I'm in the process of testing a hypothesis on the heritage process, visibility, and remembering in the Mesabi Range. I believe that there is a much higher percentage of historic mines that are still visible on the landscape compared to the ghost plants, and this is one of the reasons why the mining pits have tended to dominate the contemporary heritage discourse of the Lake Superior Iron District, even though their environmental footprint may have been less impactful than the invisible ghost plants.
To test this assumption, I've been surveying aerial imagery of the Mesabi Range to see how many former mines and their waste piles are visible on the landscape, as well as their associated ghost plants. In doing so, I've become amazed by how many water bodies are dotted across the post-industrial landscape - granted this is the land of 10,000 lakes - and thought this would be a good time to post a rhetorical question that I continue to dwell on - How do you interpret a mine that has become a lake?
Mining landscapes are seldom static - instead they exist in a state of constant transition. In my thesis work I explored historic placer mining landscapes in Fairbanks, AK, and sought to categorize and date mining landscapes based on the technological systems that created them. In Fairbanks the earliest placer mining methods were carried out utilizing a drifting system, where miners would sink shafts (through frozen gravels) to bedrock and then run horizontal drifts off the bedrock floors. Since gold is heavier than gravel, the bedrock is where the gold nuggets ended up. As new technologies entered the subarctic, the drifting method was replaced (a bit of an over generalization here) by open-cut mining, which used water, bulldozers and drag lines to remove large swathes of overburden and exploit the bedrock in a much more efficient, albeit, invasive manner. Soon dredges made there way North and these too found a home in the transitioning mining landscape of Fairbanks - sometimes reworking the open-cut landscape that re-worked the drift mining landscape. Dating these landscapes was more difficult than I first thought, but it was a fun exercise nonetheless.
In the Mesabi we see underground mines that, as technologies advanced, were converted into open pits, and then individual open-pit mines that were eventually consumed by a giant pit - the product of what Tim LeCain calls "Mass Destruction". As the ore deposits at these mines became exhausted the mining efforts waned and the dewatering pumps were shut off allowing ground water to seep up and fill the pit that once (and often still does) housed backhoes, tramways, and other mining infrastructure. Natural processes created a lake where a mine used to be.
But the mine isn't gone, it lingers like a dormant Jason Voorhees waiting for camp counselors to arrive at Crystal Lake, or as what Arn Keeling and John Sandlos call "Zombie Mines". Articulating to the public and to policy makers the importance of what happened at these sites in the past, how these mines and plants continue to shape the cultural and natural landscape today, and how we might be able to do better in the future is the challenge at hand.

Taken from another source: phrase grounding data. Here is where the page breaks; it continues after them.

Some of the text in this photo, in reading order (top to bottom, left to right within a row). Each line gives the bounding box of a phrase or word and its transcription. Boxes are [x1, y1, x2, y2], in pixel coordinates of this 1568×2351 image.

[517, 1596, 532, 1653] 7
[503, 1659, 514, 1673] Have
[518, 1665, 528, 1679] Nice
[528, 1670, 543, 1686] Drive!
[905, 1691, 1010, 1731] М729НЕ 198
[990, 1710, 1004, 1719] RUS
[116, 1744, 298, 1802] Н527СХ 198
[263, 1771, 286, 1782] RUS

John Baeten is a Postdoctoral Fellow in Spatial Analysis of Environmental Change in the Department of Geography at Indiana University. He holds a PhD in Industrial Heritage and Archaeology from Michigan Technological University. His research aims to connect historical process to current environmental challenges, and to contextualize the environmental legacies of industrialization as meaningful cultural heritage.